La planta fue construida en los predios de la refinería Guillermo Elder Bell, en la ciudad de Santa Cruz, con una inversión de 379 millones de bolivianos (unos 54,4 millones de dólares).
El acto de inauguración fue liderado por Arce, que estuvo acompañado del ministro de Hidrocarburos y Energías, Franklin Molina, y el presidente de la estatal Yacimientos Petrolíferos Fiscales Bolivianos (YPFB), Armin Dorgathen.
El mandatario aseguró en su discurso que “es un día histórico para el país” porque ingresó “a la era de la industrialización de los biocombustibles” y defendió que es “el único camino” para que Bolivia deje de depender de la importación de carburantes.
Según Arce, “lo más fácil” habría sido subir el precio interno del diésel y la gasolina, que actualmente se venden con precios subvencionados, pero aseguró que el Gobierno “siempre” cuidará “el bolsillo de los más humildes y los más pobres”, por lo que se optó por la producción de biocombustibles.

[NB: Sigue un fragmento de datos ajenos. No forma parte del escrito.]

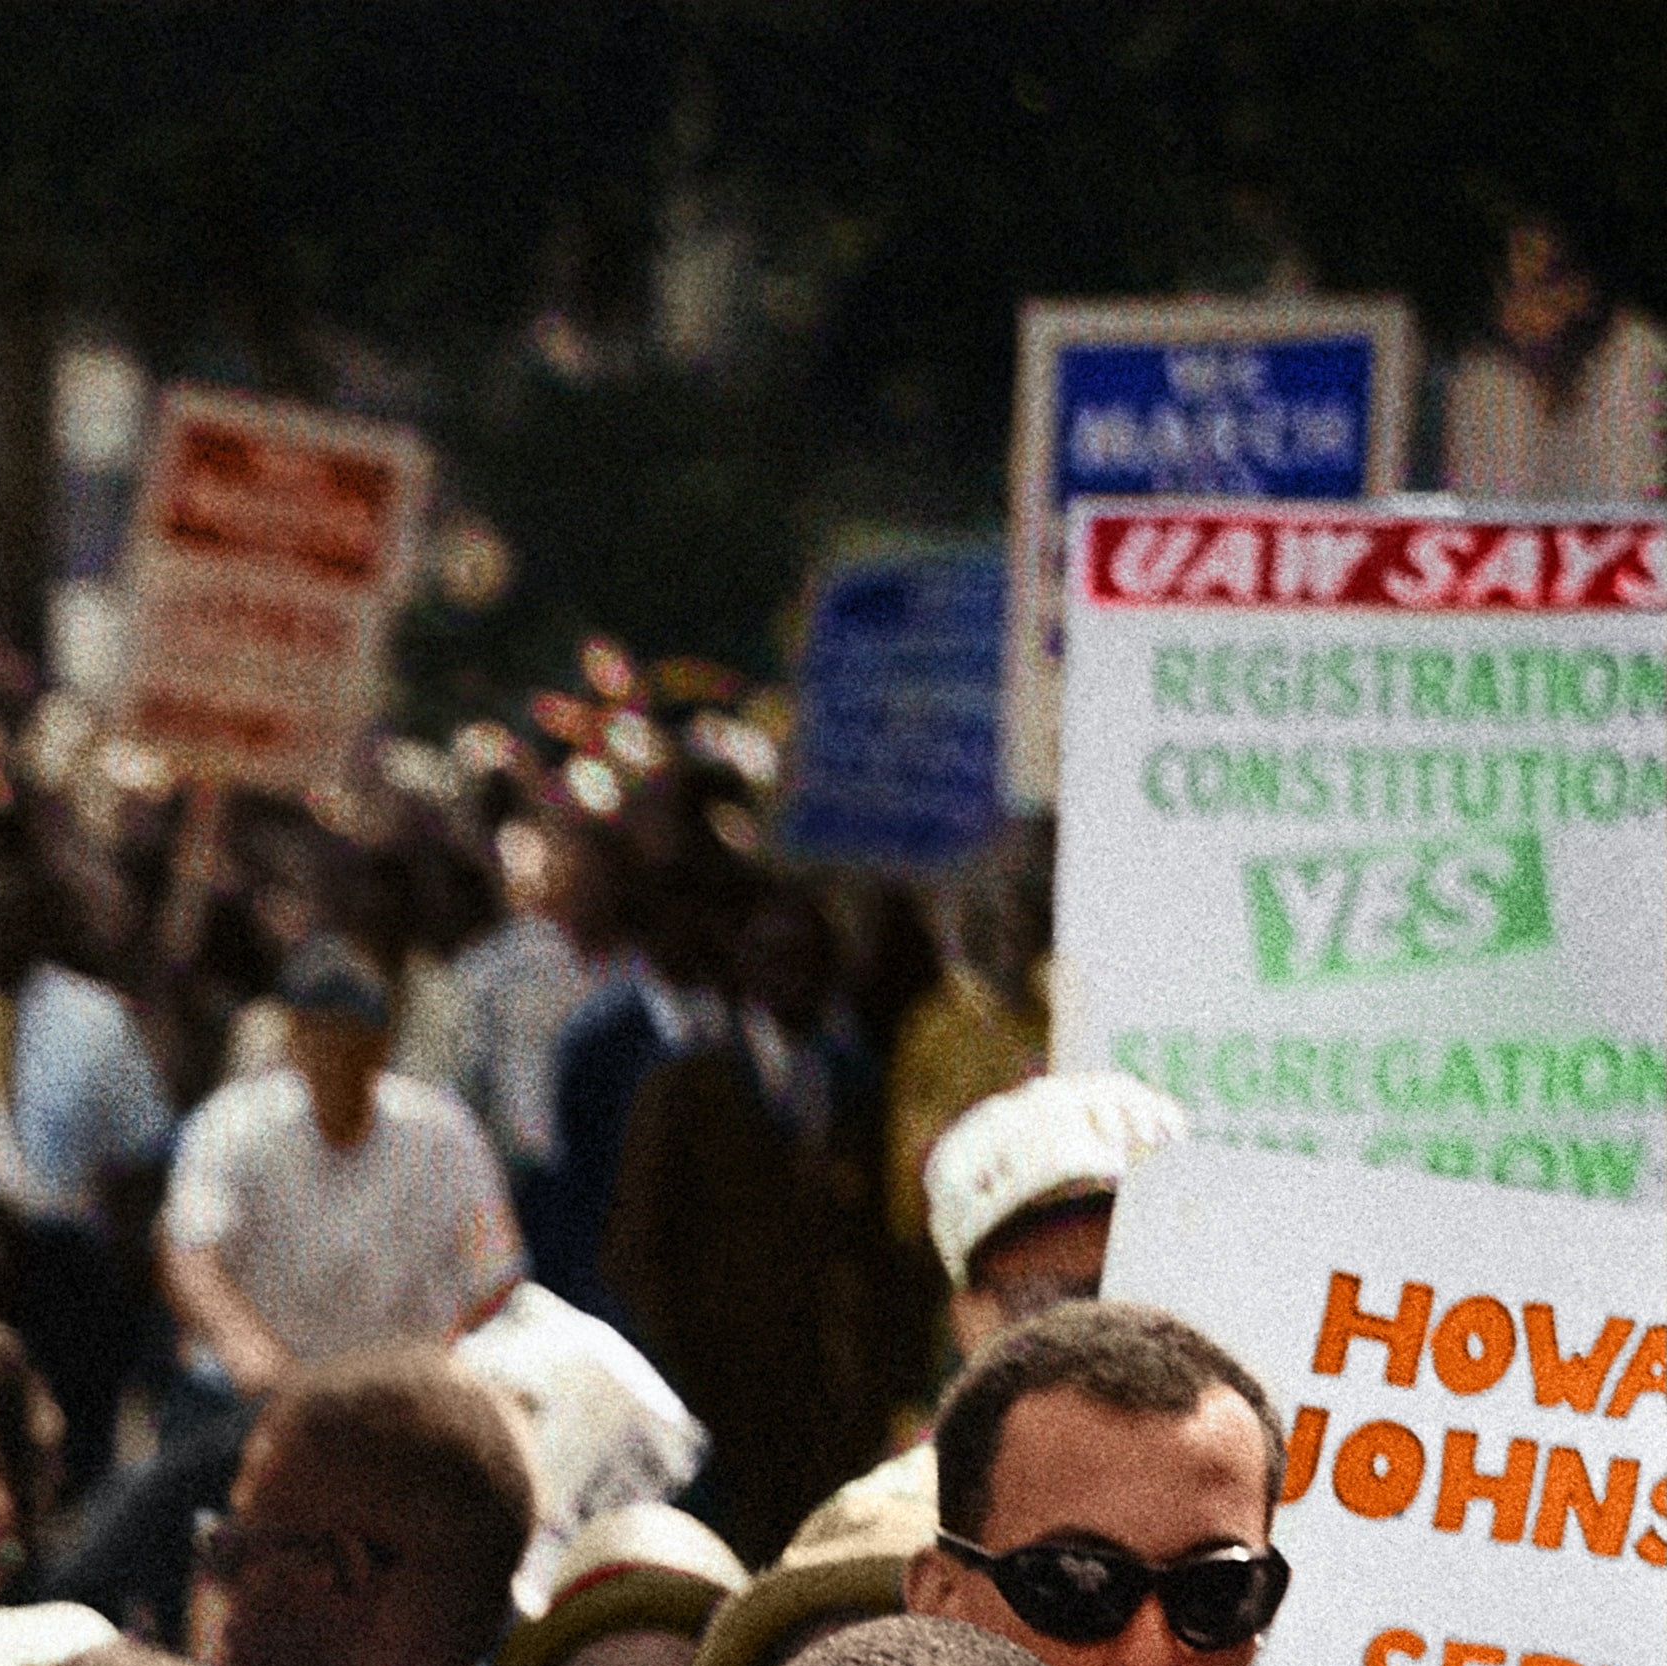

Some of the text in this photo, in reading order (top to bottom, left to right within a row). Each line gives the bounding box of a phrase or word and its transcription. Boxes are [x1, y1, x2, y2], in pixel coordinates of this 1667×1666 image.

[1107, 525, 1370, 603] UAW
[1273, 848, 1514, 976] YES
[1312, 1270, 1667, 1419] HOWA

Además, señaló que la puesta en marcha de la planta responde a una de sus promesas electorales. “Hoy estamos cumpliendo una promesa electoral”, afirmó.
A su turno, Molina precisó que la planta tendrá una capacidad de producción de 1.500 barriles diarios.
Además, explicó que el combustible se podrá elaborar tanto con aceites vegetales como con un “aditivo importante” y “ecológico” proveniente del reciclaje de aceites comestibles usados en hogares o restaurantes.
Según datos oficiales, la fábrica tiene 34 tanques con una capacidad total de 6,4 millones de litros para recepción y 3,1 millones de litros para despacho de combustible.
En la ciudad de El Alto, se construye una planta similar, que entrará en funcionamiento hacia fin de año, a la que se sumará otra instalación de aceites vegetales “hidrotratados” o HVO que se prevé poner en marcha en 2025.